Ia memobilisasi sumber daya ekonominya yang tidak ada habisnya, menggembleng mesianisme sekuler rakyatnya dan menggunakan kekuatan besar ini untuk melayani propaganda imperialis yang paling terampil, paling ulet, dan paling terorganisir secara teknis. Jadi, apa yang 30 tahun lalu, sebagai sebuah doktrin, merupakan sistem yang diklasifikasikan secara historis,
Komunisme sebenarnya bukan sekedar sistem ekonomi, ia merupakan filosofi hidup yang integral. Mereka tidak hanya menginginkan reformasi struktur sosial, berdasarkan pada redistribusi barang-barang material yang lebih adil, mereka mengklaim adanya monopoli jiwa yang tak terbantahkan. Ia bermaksud untuk menanamkan kediktatoran proletariat dan kediktatoran hati nurani. Sebuah agama terbalik.

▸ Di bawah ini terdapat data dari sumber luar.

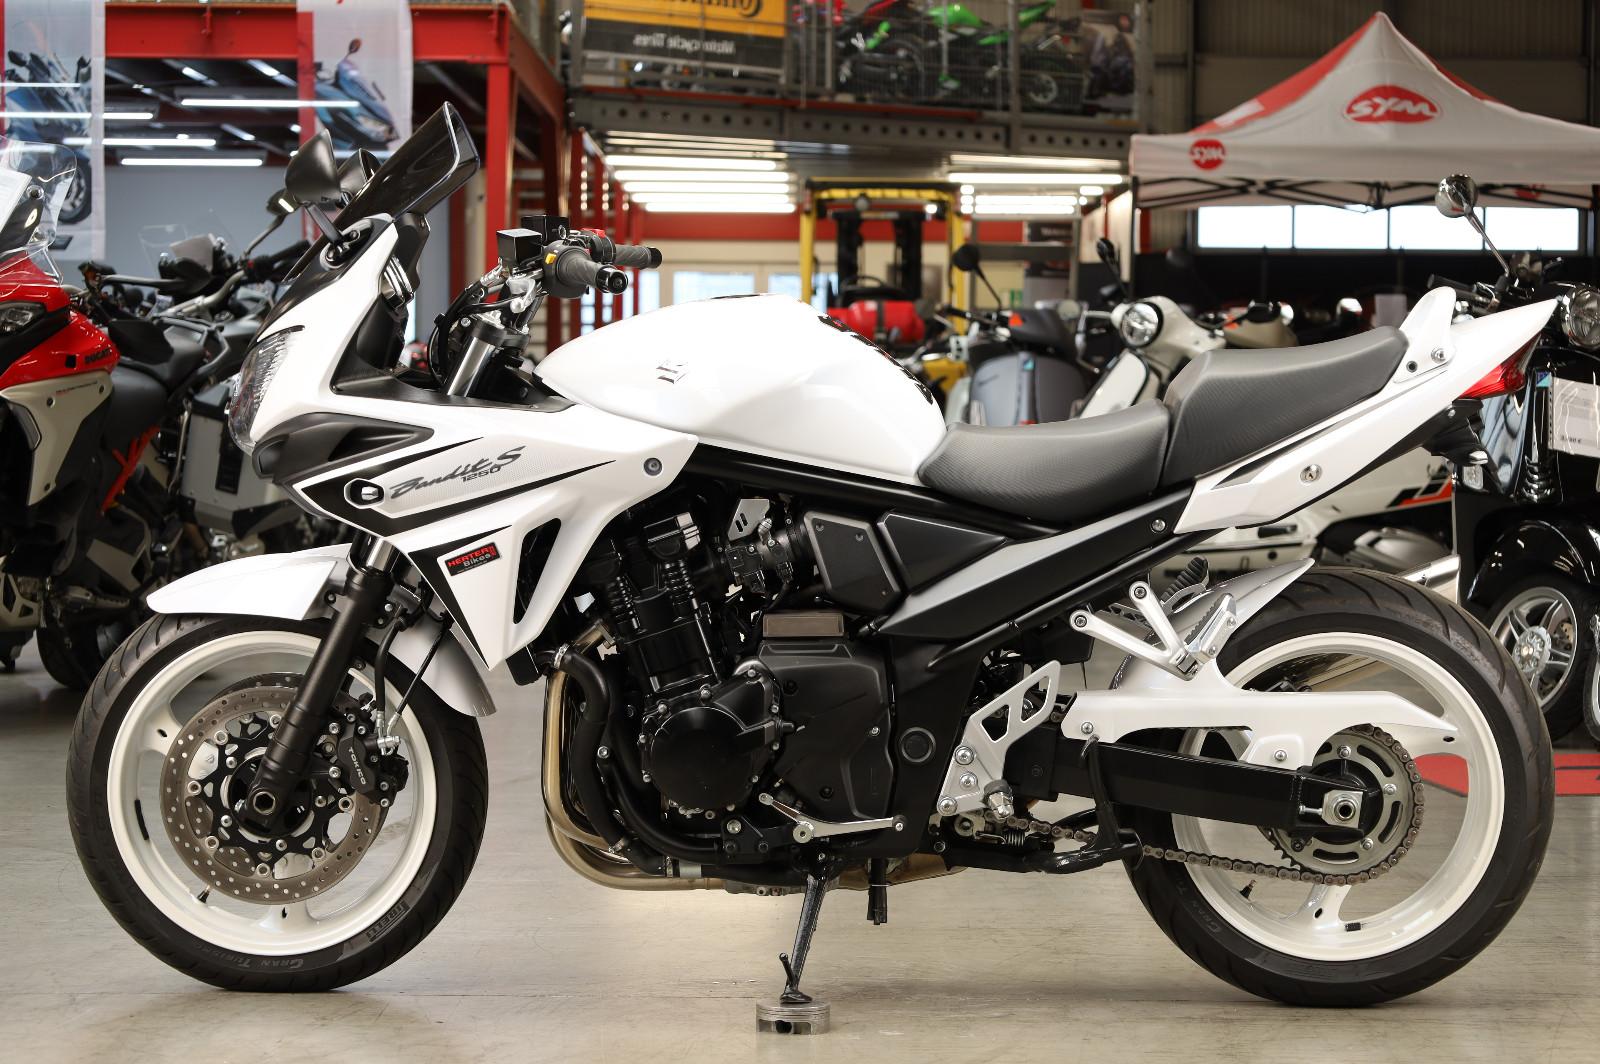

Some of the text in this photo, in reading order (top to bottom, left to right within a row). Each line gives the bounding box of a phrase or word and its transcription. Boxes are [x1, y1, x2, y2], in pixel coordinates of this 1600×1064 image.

[1346, 97, 1439, 118] SYM
[389, 445, 526, 499] Bandit S
[461, 464, 501, 482] 1250
[447, 547, 489, 567] HERTER
[463, 553, 491, 567] Bikes
[348, 746, 367, 785] TOKICO
[366, 900, 411, 943] PIRELLI
[260, 957, 304, 969] GRAN

Dogmanya: materialisme sejarah. Etikanya: hierarki nilai baru yang diukur dengan keharusan bersyarat dari kemenangan partai. Cita-cita mesianisnya yang menggemparkan massa dalam sebuah harapan eskatologis yang besar: penaklukan emansipatoris atas umat manusia. Totalitarianisme belum pernah menerapkan pretensi radikal seperti itu!

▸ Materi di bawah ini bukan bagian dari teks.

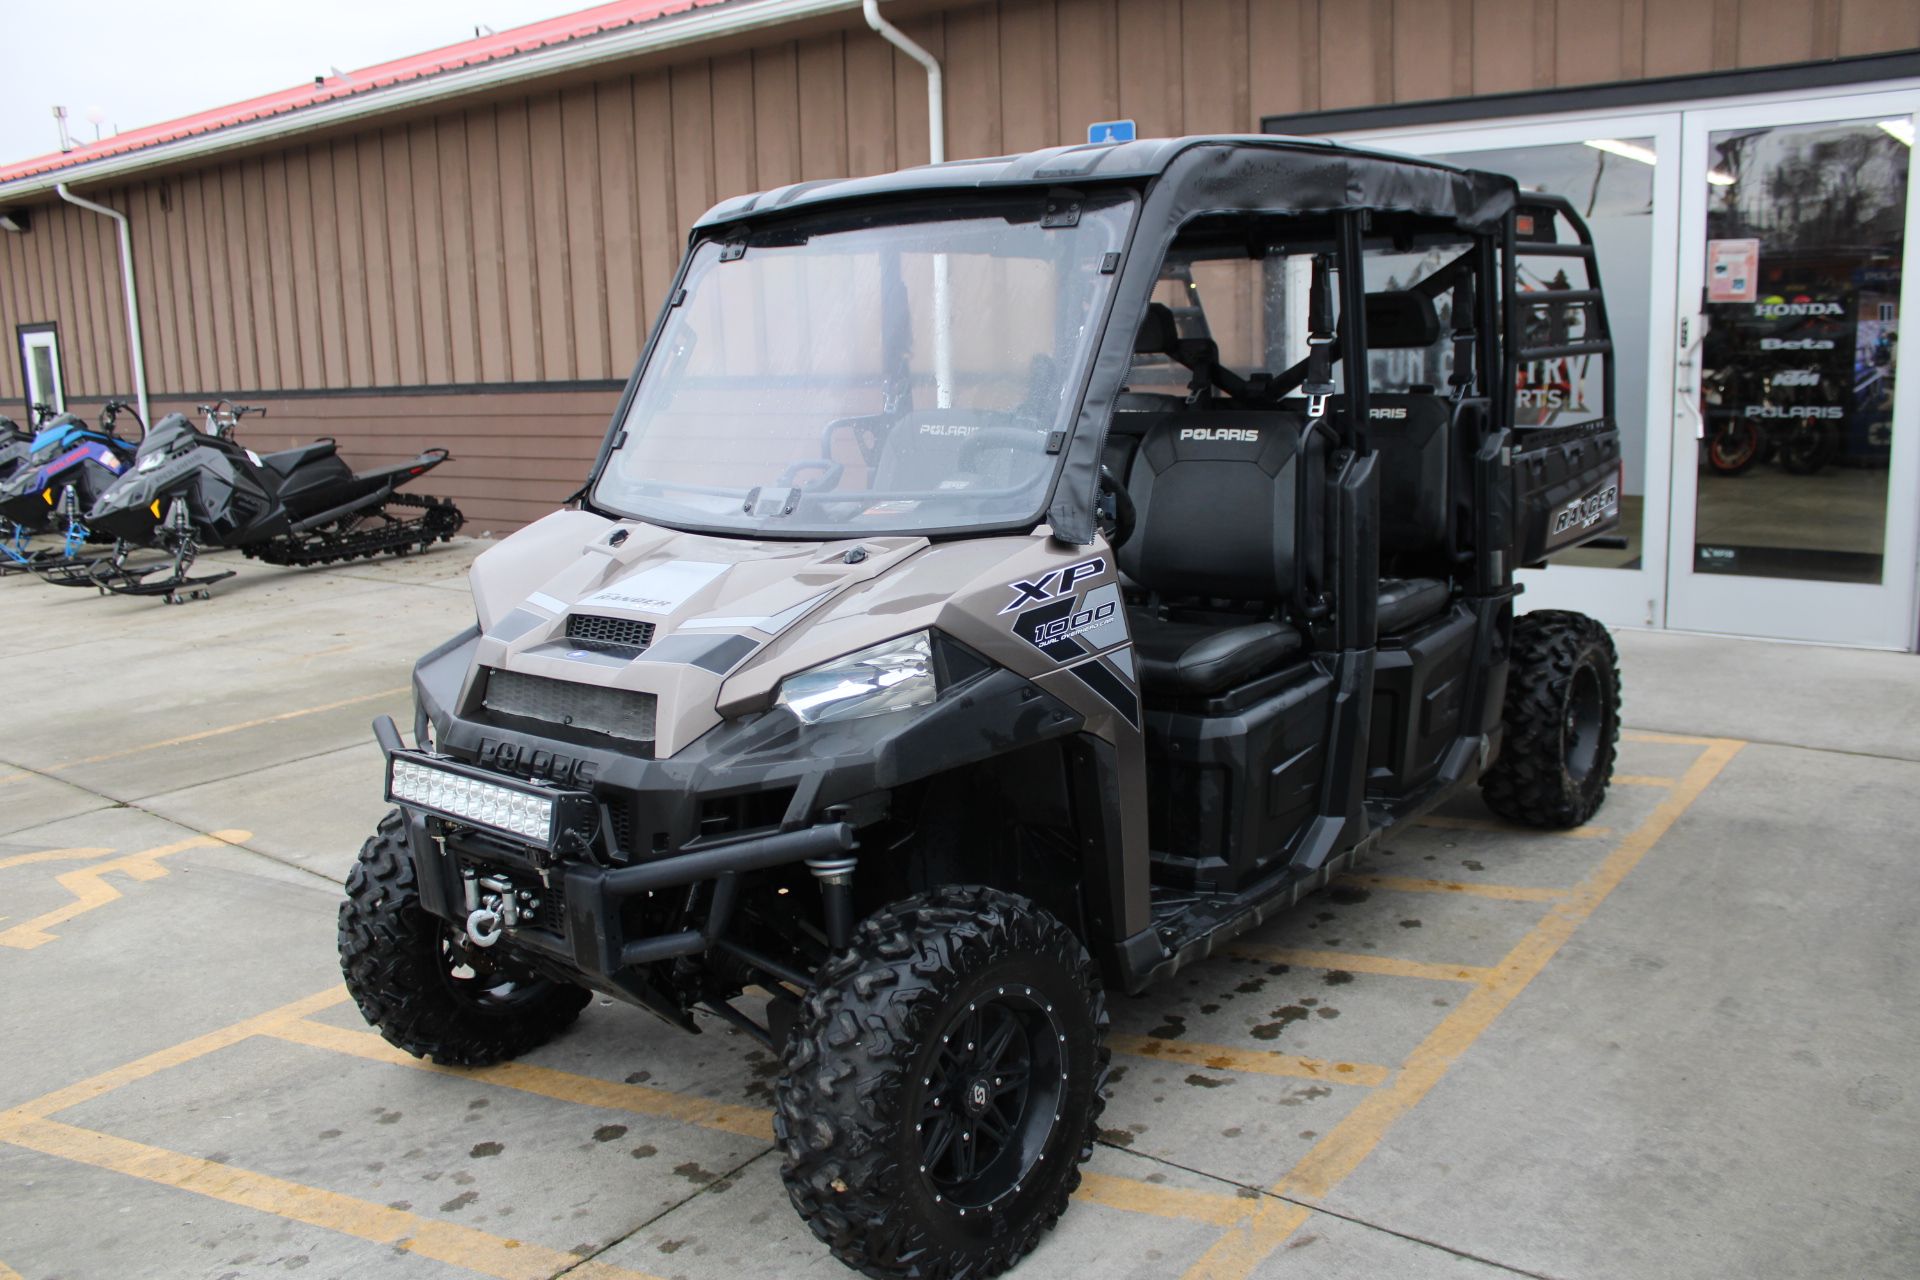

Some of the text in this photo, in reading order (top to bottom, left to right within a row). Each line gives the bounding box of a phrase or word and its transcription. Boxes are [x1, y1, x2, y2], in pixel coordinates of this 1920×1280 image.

[1754, 302, 1844, 316] HONDA
[1760, 338, 1834, 350] Beta
[1772, 369, 1820, 386] KTM
[1369, 408, 1407, 419] ARIS
[1745, 406, 1844, 419] POLARIS
[1180, 428, 1259, 442] POLARIS
[1552, 485, 1617, 535] RANGER
[997, 556, 1106, 615] XP
[1034, 601, 1117, 643] 1000
[478, 737, 599, 793] POLARIS

Postulat metafisik, yang tidak lagi dibahas, berada pada bidang yang lebih jauh dari perspektif. Yang segera menjadi pusat perhatian adalah eksplorasi yang terampil terhadap kebencian historis kelas-kelas yang menderita, kritik yang blak-blakan terhadap ketidakadilan dan ketidakmanusiawian kapitalisme, gambaran masyarakat masa depan yang tersenyum, diwarnai dengan optimisme yang naif dan tenteram, berbeda dengan pesimisme masam yang diproyeksikan. kegelapannya atas seluruh sejarah masa lalu manusia yang terasing dan jatuh.
Beginilah cara massa dihipnotis. Beginilah mistik terciptakomunisme, dan energi religius jiwa dimobilisasi untuk melayani ideologi ateis. Keyakinan dan harapan, dedikasi dan pengorbanan, cinta keadilan dan kebebasan, semua warisan kekayaan manusia ini, yang hanya memiliki nilai dalam tatanan ontologis realitas spiritual, dieksploitasi untuk mempercepat penanaman konsepsi hidup baru yang menyatakannya sebagai fiksi tanpa konten dan abstraksi jahat. Inilah tragedi besar komunisme: mobilisasi energi terbaik manusia untuk membangun masa depan yang akan menjadi bencana terbesar dan kekecewaan total umat manusia.